Deep Regression and Segmentation for Medical Inference from Large-Scale Magnetic Resonance Imaging

Abstract: Large-scale studies, such as UK Biobank, acquire medical imaging data for thousands of participants. With magnetic resonance imaging (MRI), comprehensive representations of human anatomy can be provided for non-invasive assessments of health-related conditions, body composition, organ volumes, and more. The sheer quantity of resulting image data itself poses a challenge, however, as manual processing and evaluation at the given scale is typically no longer feasible. For automated image analysis, machine learning techniques involving deep learning with convolutional neural networks have established state-of-the-art results in recent years.
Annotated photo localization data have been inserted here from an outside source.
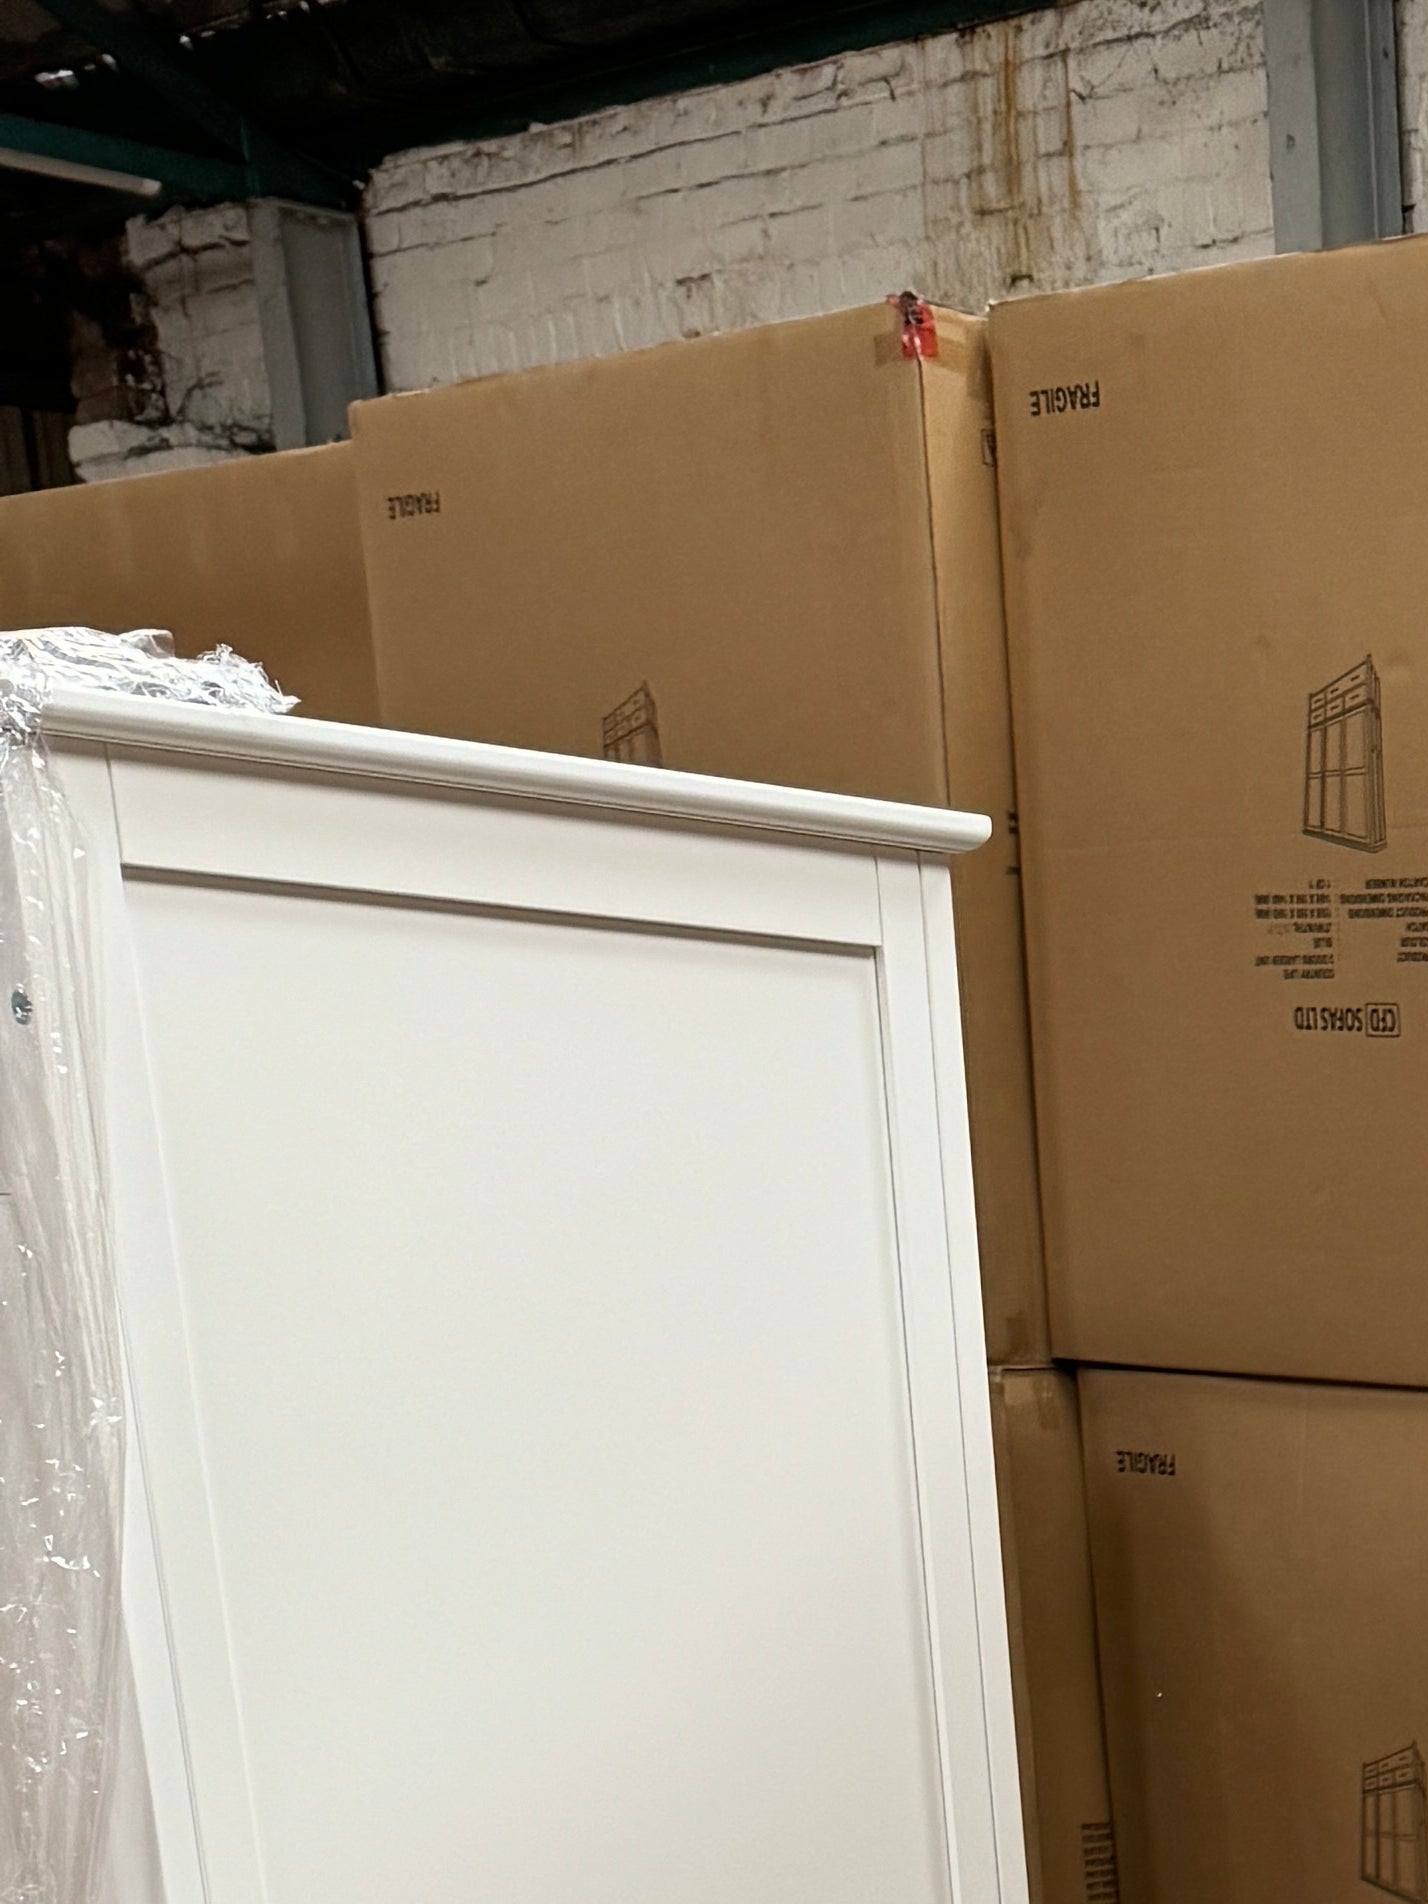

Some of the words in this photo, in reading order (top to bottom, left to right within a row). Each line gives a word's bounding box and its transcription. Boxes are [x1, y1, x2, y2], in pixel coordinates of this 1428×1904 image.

[1029, 380, 1100, 417] FRAGILE
[1294, 1007, 1317, 1031] LTD
[1321, 1007, 1363, 1032] SOFAS
[1370, 1008, 1396, 1032] CFD
[1115, 1451, 1176, 1476] FRAGILE
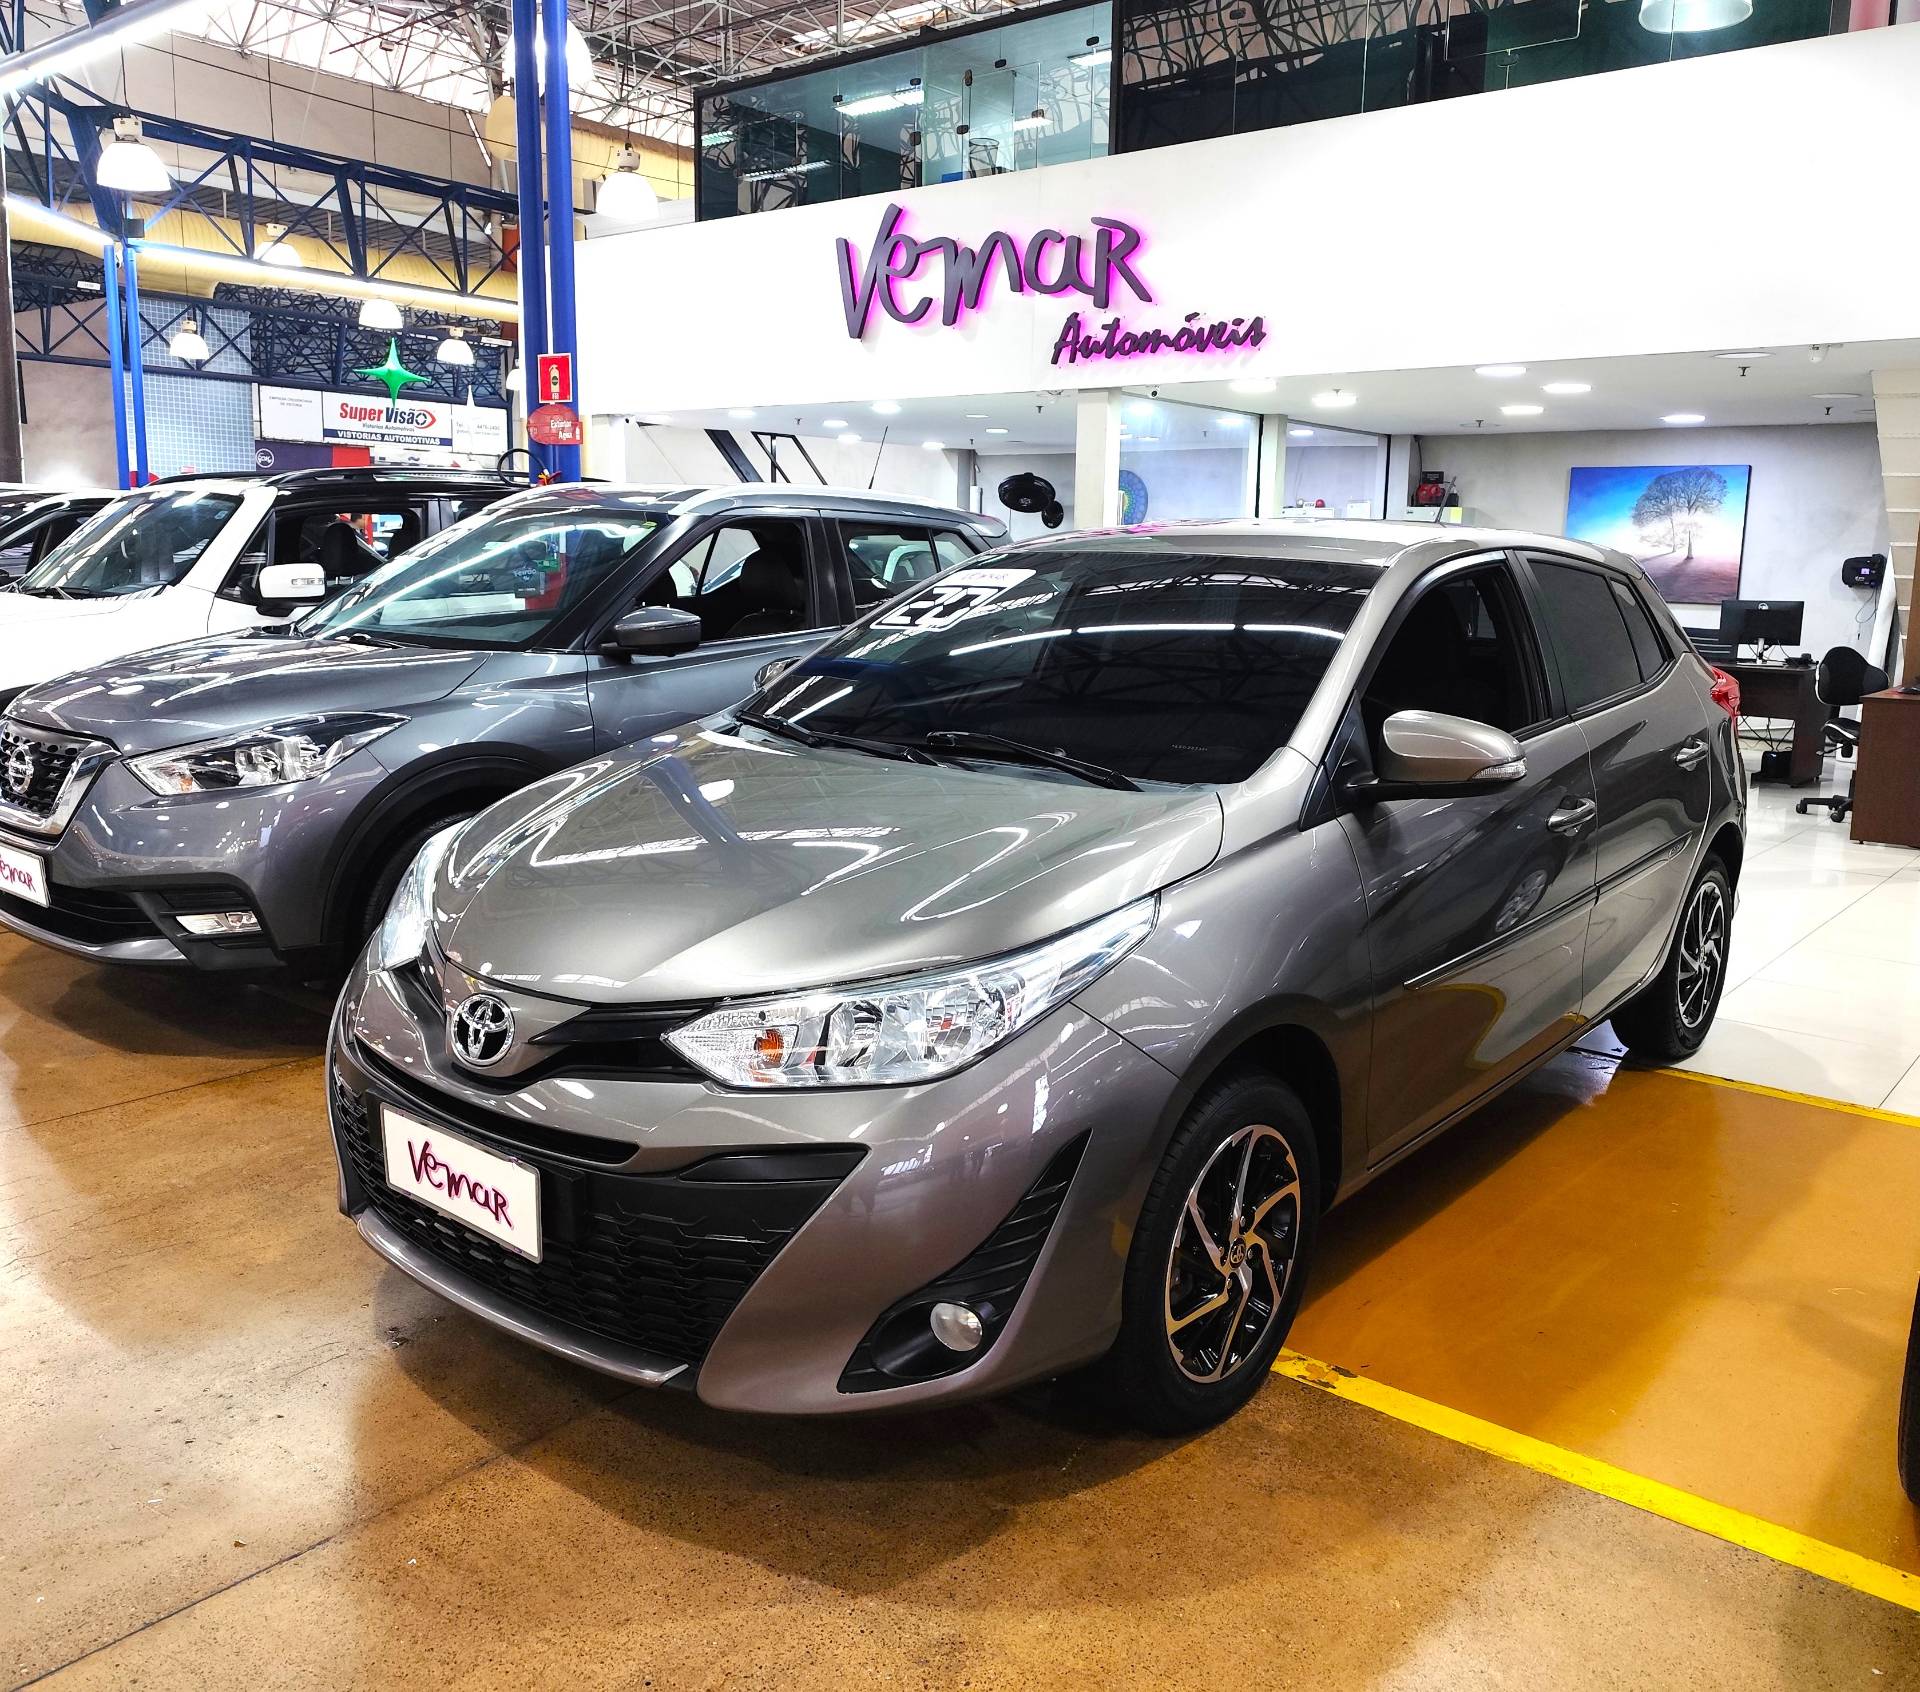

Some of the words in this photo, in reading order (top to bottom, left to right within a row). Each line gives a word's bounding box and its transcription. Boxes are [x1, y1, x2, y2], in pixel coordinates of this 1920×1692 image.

These systems can perform a multitude of tasks on medical image data, such as predicting measurements, classifying certain conditions, and enhancing image quality. The overall aim of this thesis was to explore the potential of deep learning for automated analysis of large-scale MRI derived from several studies.Fully-convolutional networks for semantic segmentation were adapted and evaluated for the automated delineation and quantification of adipose tissue depots and abdominal organs.As an alternative approach, convolutional neural networks were trained for image-based, deep regression to predict numerical values corresponding to measurements and abstract properties such as age or health states directly. The numerical values resulting from this regression approach are not easily explainable, as no intermediate segmentation masks are generated. For an interpretation of the decision criteria learned by the networks, aggregated saliency analysis was proposed as a visualization technique for relevant anatomical structures in thousands of co-aligned subjects. Additionally, methods for uncertainty quantification were adapted to provide individual confidence intervals along with each prediction.By exploring different configurations and developing fast and effective strategies with these two methodologies, several software tools were implemented that can robustly predict measurements for thousands of UK Biobank subjects within hours, with no requirement for human guidance or intervention.